Exercise instructions
Pictures in the material below are to be left out, and only the lines from the line with "this 1280×960 image." up to and including the line with "this 1280×1026 image." are to be written out exactly.

Extracted entries
********************
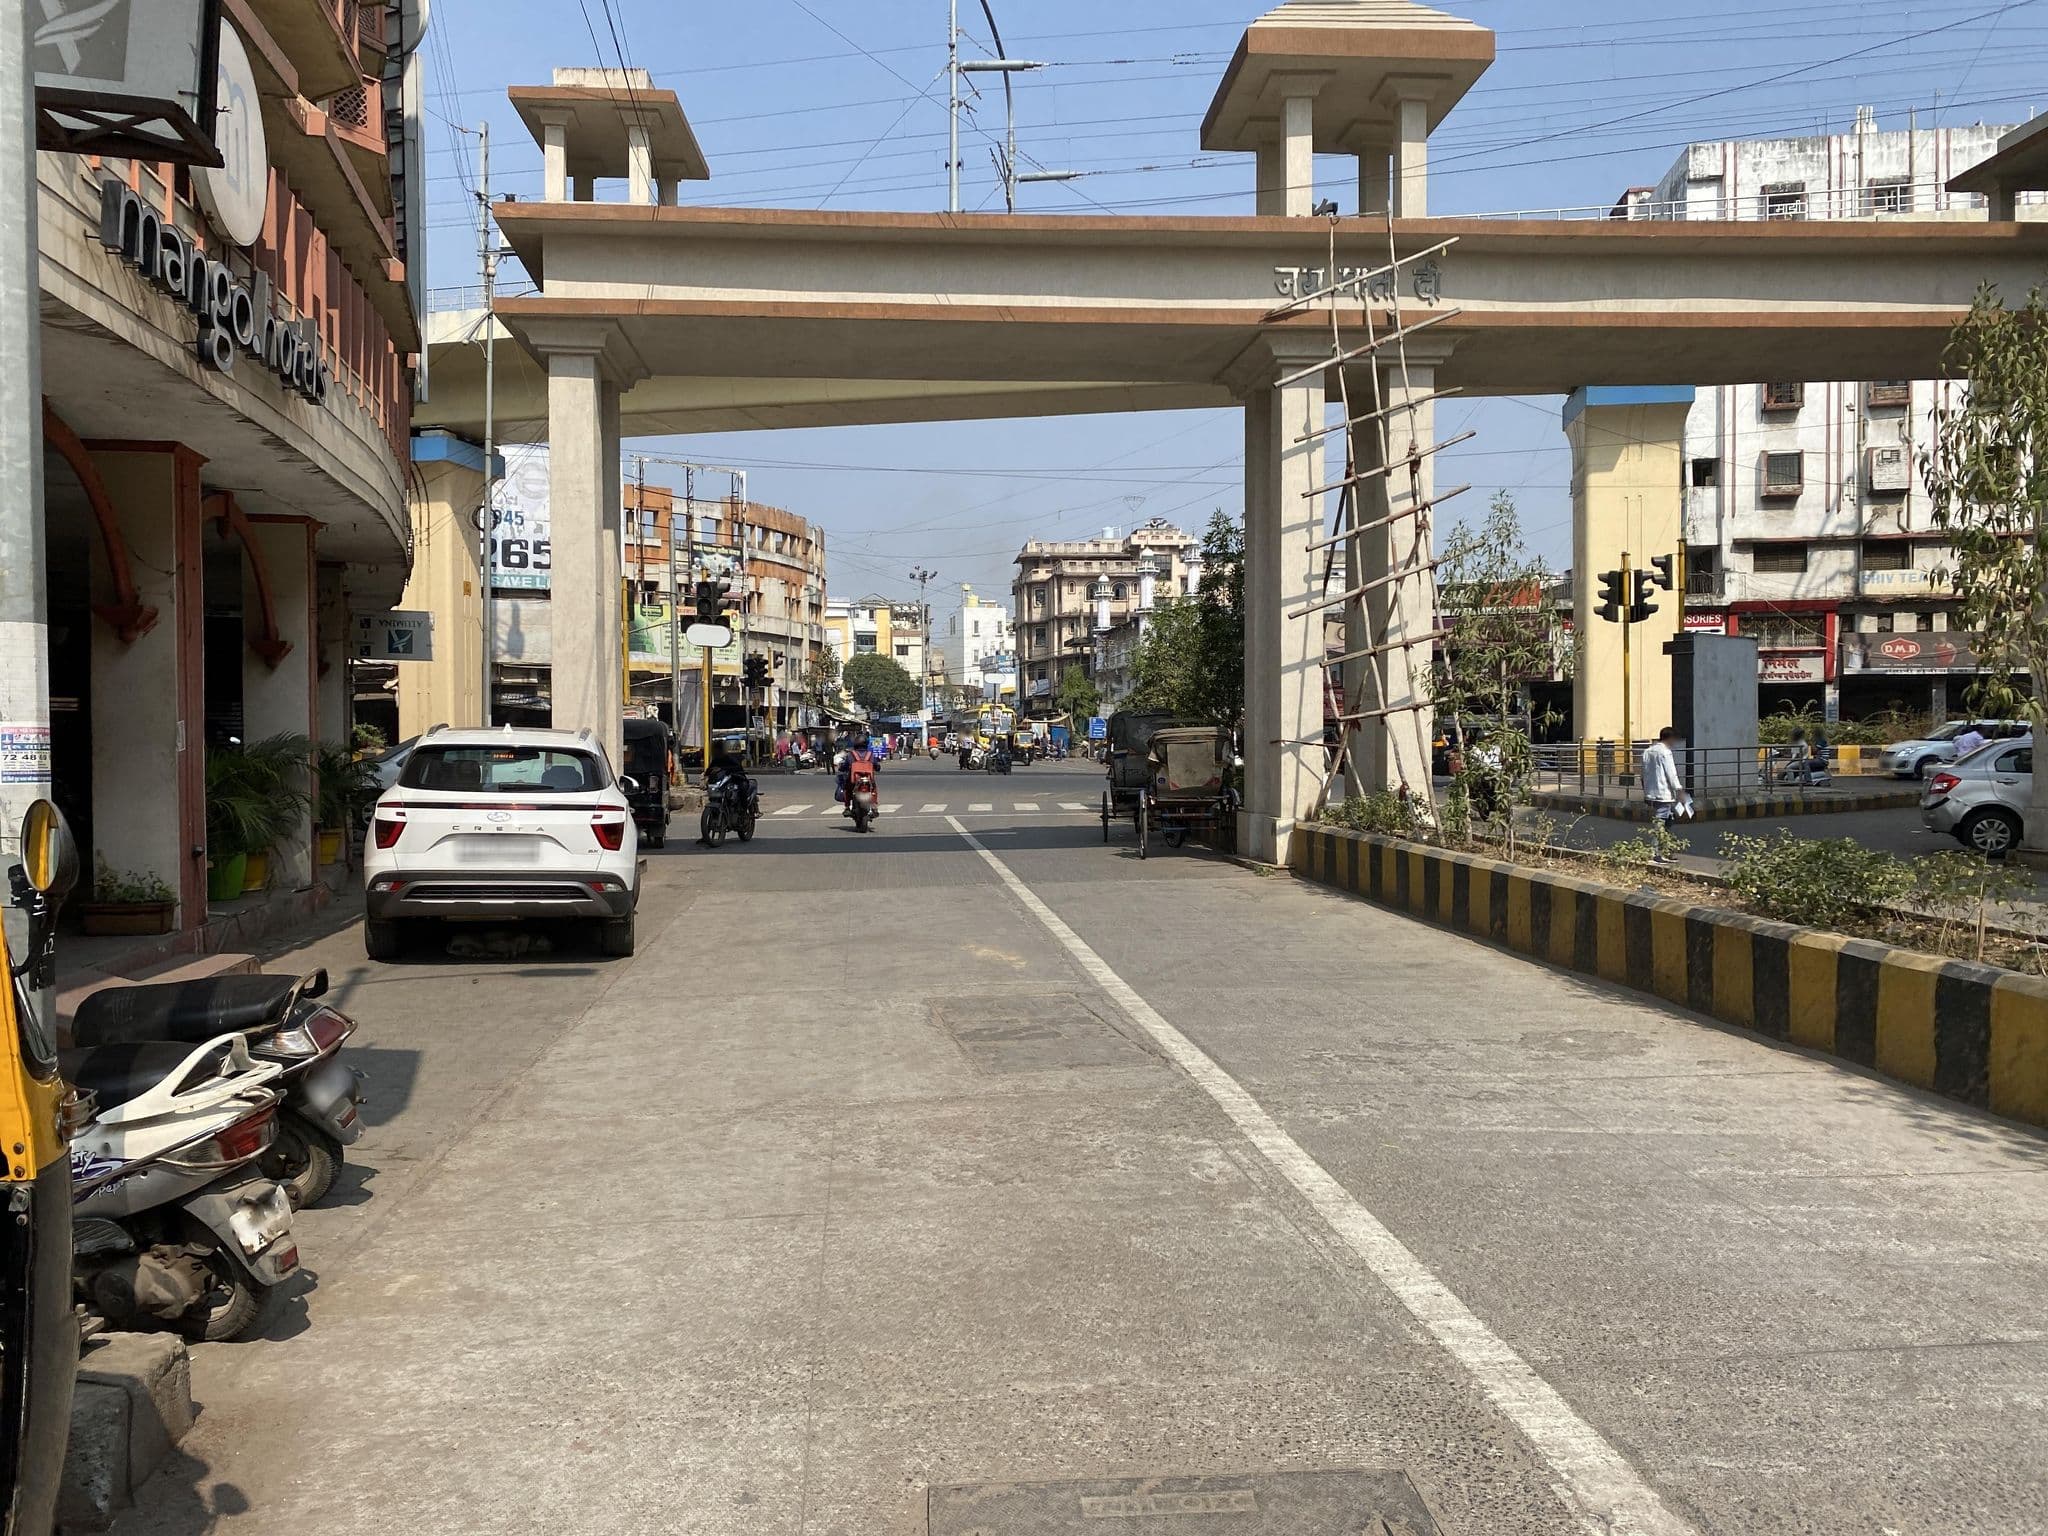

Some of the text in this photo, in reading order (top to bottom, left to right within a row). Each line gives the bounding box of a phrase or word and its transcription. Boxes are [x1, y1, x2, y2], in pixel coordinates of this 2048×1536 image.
********************
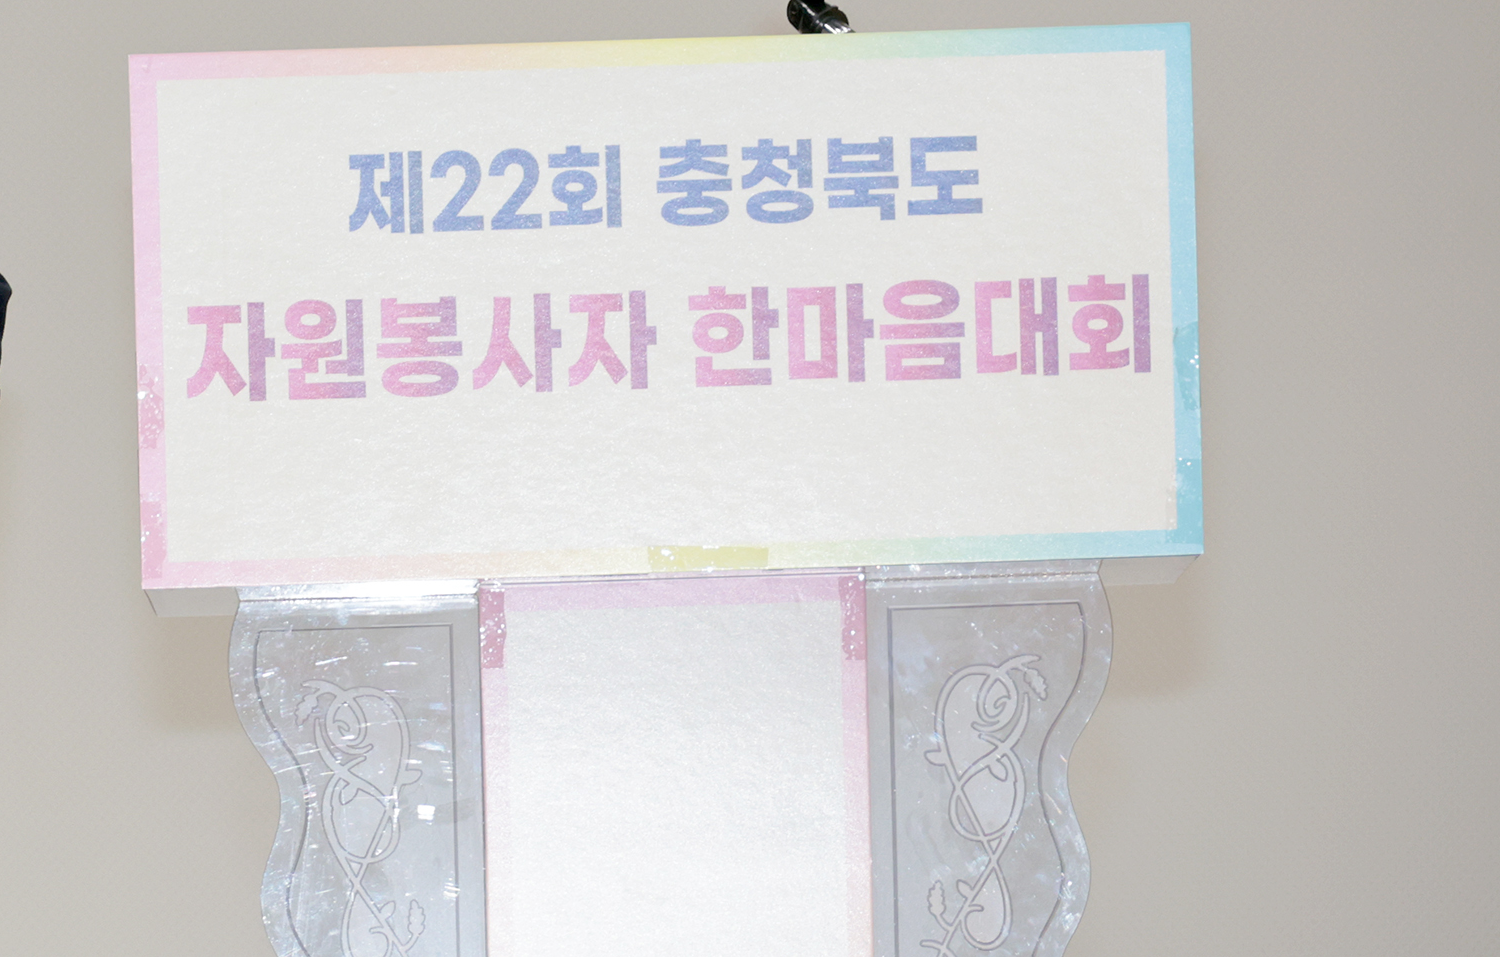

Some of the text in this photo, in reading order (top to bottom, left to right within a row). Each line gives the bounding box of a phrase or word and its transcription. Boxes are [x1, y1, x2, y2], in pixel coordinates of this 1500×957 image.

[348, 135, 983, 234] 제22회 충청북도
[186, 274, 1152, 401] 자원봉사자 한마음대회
********************
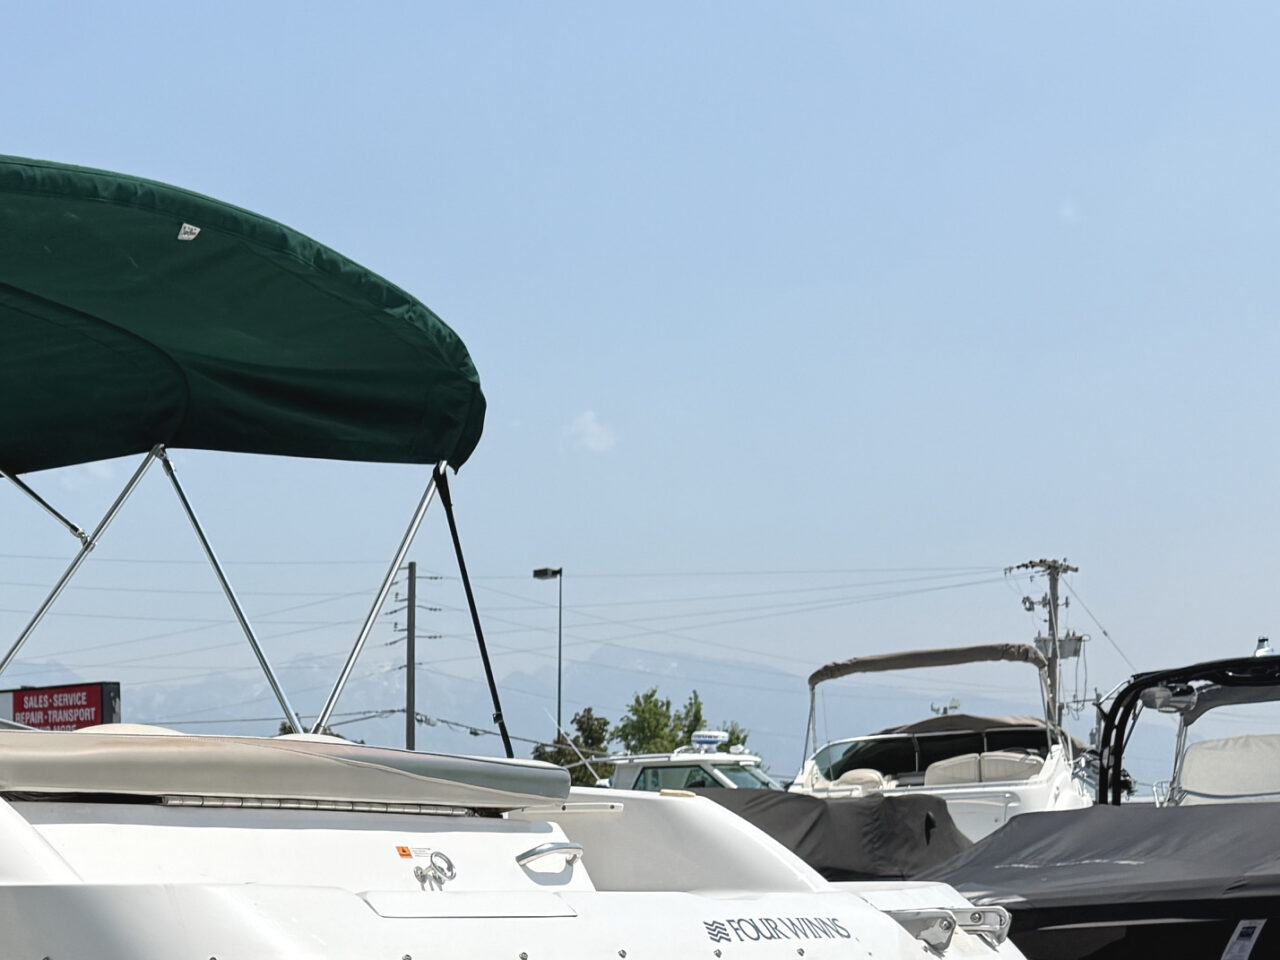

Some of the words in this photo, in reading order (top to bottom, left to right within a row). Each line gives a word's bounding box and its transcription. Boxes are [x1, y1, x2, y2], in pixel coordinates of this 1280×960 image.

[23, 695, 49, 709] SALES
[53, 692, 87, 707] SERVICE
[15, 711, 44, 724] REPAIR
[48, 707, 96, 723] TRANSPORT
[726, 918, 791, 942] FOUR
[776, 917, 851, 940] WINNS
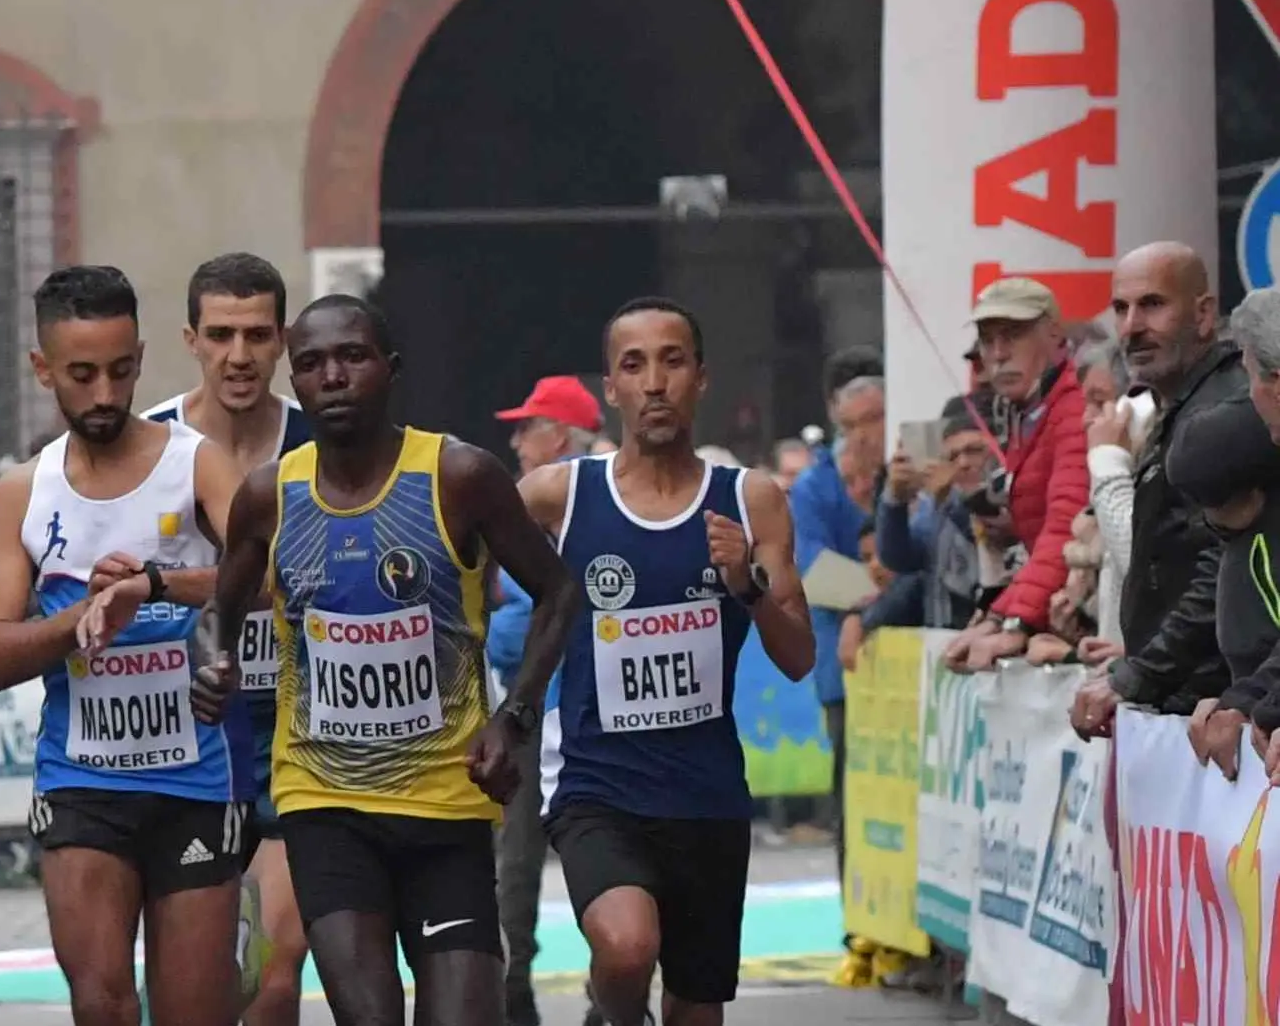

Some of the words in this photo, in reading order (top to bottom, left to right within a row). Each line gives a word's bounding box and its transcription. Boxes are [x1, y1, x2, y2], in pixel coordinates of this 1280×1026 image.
********************
Exercise answer
Some of the words in this photo, in reading order (top to bottom, left to right within a row). Each line gives a word's bounding box and its transcription. Boxes are [x1, y1, x2, y2], in pixel coordinates of this 1280×960 image.

[23, 695, 49, 709] SALES
[53, 692, 87, 707] SERVICE
[15, 711, 44, 724] REPAIR
[48, 707, 96, 723] TRANSPORT
[726, 918, 791, 942] FOUR
[776, 917, 851, 940] WINNS

Some of the words in this photo, in reading order (top to bottom, left to right within a row). Each line gives a word's bounding box and its transcription. Boxes are [x1, y1, x2, y2], in pixel coordinates of this 1280×1026 image.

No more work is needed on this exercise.